▶ [Your assignment] A word-for-word copy of the entries is the goal; leave out the pictures.

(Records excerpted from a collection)
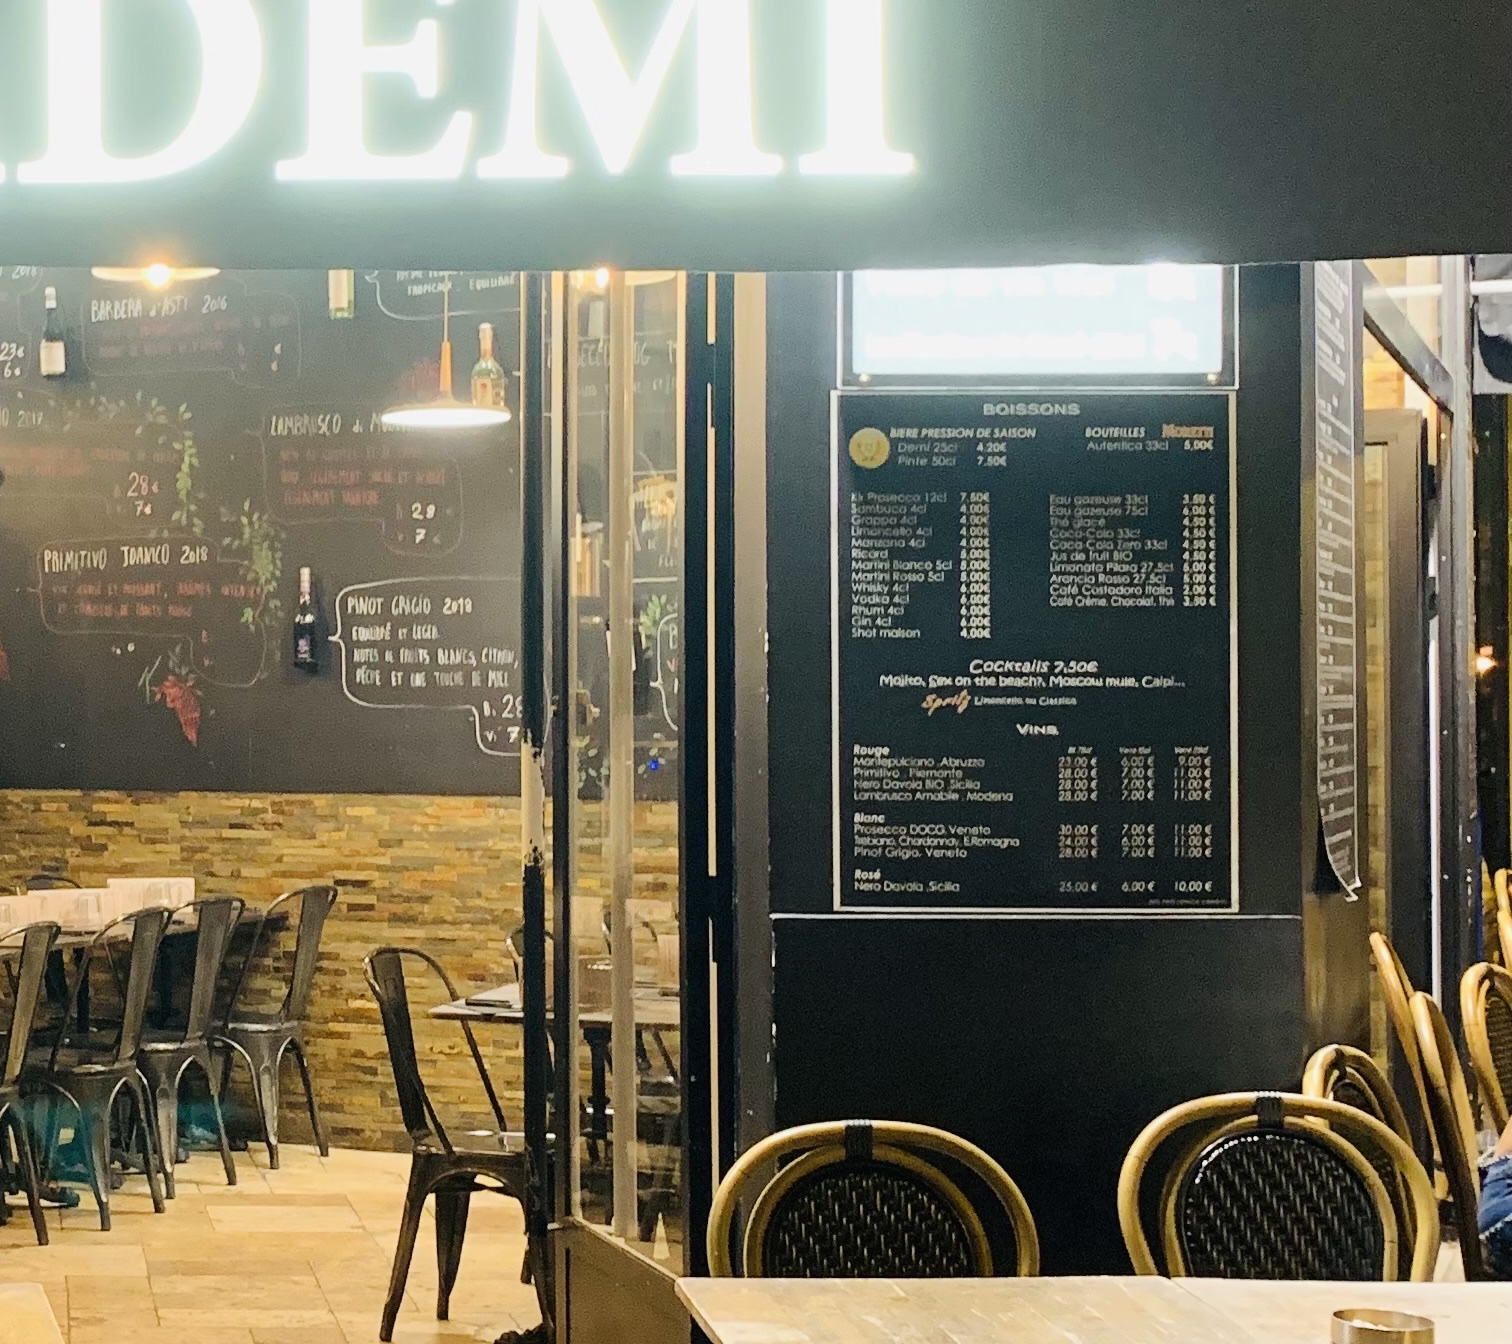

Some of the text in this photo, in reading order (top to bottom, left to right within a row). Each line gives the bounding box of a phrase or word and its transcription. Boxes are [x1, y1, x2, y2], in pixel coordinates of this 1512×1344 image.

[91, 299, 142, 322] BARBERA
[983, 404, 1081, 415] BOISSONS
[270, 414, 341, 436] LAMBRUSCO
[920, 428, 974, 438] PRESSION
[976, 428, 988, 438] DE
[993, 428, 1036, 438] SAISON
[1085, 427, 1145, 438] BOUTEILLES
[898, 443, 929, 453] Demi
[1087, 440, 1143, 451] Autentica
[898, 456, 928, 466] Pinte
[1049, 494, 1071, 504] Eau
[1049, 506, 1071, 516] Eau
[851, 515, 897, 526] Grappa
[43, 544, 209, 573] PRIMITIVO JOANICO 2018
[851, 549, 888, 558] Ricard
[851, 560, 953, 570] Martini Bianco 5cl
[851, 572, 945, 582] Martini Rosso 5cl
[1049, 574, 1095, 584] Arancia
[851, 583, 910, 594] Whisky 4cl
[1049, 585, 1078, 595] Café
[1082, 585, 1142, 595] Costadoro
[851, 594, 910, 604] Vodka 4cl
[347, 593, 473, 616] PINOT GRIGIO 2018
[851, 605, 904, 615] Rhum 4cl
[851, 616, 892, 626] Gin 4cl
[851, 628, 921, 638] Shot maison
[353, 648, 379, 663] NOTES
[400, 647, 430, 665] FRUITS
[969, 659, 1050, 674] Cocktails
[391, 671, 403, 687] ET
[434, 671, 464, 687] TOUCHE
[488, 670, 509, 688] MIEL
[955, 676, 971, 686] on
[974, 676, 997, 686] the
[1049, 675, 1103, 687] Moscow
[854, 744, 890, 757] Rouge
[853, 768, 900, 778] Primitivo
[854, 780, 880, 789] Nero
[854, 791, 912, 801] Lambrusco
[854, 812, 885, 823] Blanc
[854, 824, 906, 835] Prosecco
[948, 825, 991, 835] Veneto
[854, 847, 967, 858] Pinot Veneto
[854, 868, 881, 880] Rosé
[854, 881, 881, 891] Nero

▶ [Exercise response]
Some of the text in this photo, in reading order (top to bottom, left to right within a row). Each line gives the bounding box of a phrase or word and its transcription. Boxes are [x1, y1, x2, y2], in pixel coordinates of this 1512×1344 image.

[91, 299, 142, 322] BARBERA
[983, 404, 1081, 415] BOISSONS
[270, 414, 341, 436] LAMBRUSCO
[920, 428, 974, 438] PRESSION
[976, 428, 988, 438] DE
[993, 428, 1036, 438] SAISON
[1085, 427, 1145, 438] BOUTEILLES
[898, 443, 929, 453] Demi
[1087, 440, 1143, 451] Autentica
[898, 456, 928, 466] Pinte
[1049, 494, 1071, 504] Eau
[1049, 506, 1071, 516] Eau
[851, 515, 897, 526] Grappa
[43, 544, 209, 573] PRIMITIVO JOANICO 2018
[851, 549, 888, 558] Ricard
[851, 560, 953, 570] Martini Bianco 5cl
[851, 572, 945, 582] Martini Rosso 5cl
[1049, 574, 1095, 584] Arancia
[851, 583, 910, 594] Whisky 4cl
[1049, 585, 1078, 595] Café
[1082, 585, 1142, 595] Costadoro
[851, 594, 910, 604] Vodka 4cl
[347, 593, 473, 616] PINOT GRIGIO 2018
[851, 605, 904, 615] Rhum 4cl
[851, 616, 892, 626] Gin 4cl
[851, 628, 921, 638] Shot maison
[353, 648, 379, 663] NOTES
[400, 647, 430, 665] FRUITS
[969, 659, 1050, 674] Cocktails
[391, 671, 403, 687] ET
[434, 671, 464, 687] TOUCHE
[488, 670, 509, 688] MIEL
[955, 676, 971, 686] on
[974, 676, 997, 686] the
[1049, 675, 1103, 687] Moscow
[854, 744, 890, 757] Rouge
[853, 768, 900, 778] Primitivo
[854, 780, 880, 789] Nero
[854, 791, 912, 801] Lambrusco
[854, 812, 885, 823] Blanc
[854, 824, 906, 835] Prosecco
[948, 825, 991, 835] Veneto
[854, 847, 967, 858] Pinot Veneto
[854, 868, 881, 880] Rosé
[854, 881, 881, 891] Nero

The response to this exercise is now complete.